__ACTION ITEM__:
Nothing in the entries may be dropped: restate them word for word.

[Items from a dataset]

--- --- ---

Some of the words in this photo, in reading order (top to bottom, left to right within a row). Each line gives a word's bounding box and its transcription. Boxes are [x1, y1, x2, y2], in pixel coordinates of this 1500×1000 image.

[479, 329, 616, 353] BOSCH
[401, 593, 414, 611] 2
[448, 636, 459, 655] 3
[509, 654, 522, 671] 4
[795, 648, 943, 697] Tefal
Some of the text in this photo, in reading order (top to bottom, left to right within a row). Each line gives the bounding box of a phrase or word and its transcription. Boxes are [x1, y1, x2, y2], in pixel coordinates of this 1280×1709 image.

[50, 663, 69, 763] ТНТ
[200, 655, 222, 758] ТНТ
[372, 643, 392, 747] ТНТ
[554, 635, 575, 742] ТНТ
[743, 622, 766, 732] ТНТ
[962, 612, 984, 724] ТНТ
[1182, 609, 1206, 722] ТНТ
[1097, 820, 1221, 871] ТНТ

--- --- ---

__OUTPUT OF THE EXERCISE__:
Some of the words in this photo, in reading order (top to bottom, left to right within a row). Each line gives a word's bounding box and its transcription. Boxes are [x1, y1, x2, y2], in pixel coordinates of this 1500×1000 image.

[479, 329, 616, 353] BOSCH
[401, 593, 414, 611] 2
[448, 636, 459, 655] 3
[509, 654, 522, 671] 4
[795, 648, 943, 697] Tefal
Some of the text in this photo, in reading order (top to bottom, left to right within a row). Each line gives the bounding box of a phrase or word and its transcription. Boxes are [x1, y1, x2, y2], in pixel coordinates of this 1280×1709 image.

[50, 663, 69, 763] ТНТ
[200, 655, 222, 758] ТНТ
[372, 643, 392, 747] ТНТ
[554, 635, 575, 742] ТНТ
[743, 622, 766, 732] ТНТ
[962, 612, 984, 724] ТНТ
[1182, 609, 1206, 722] ТНТ
[1097, 820, 1221, 871] ТНТ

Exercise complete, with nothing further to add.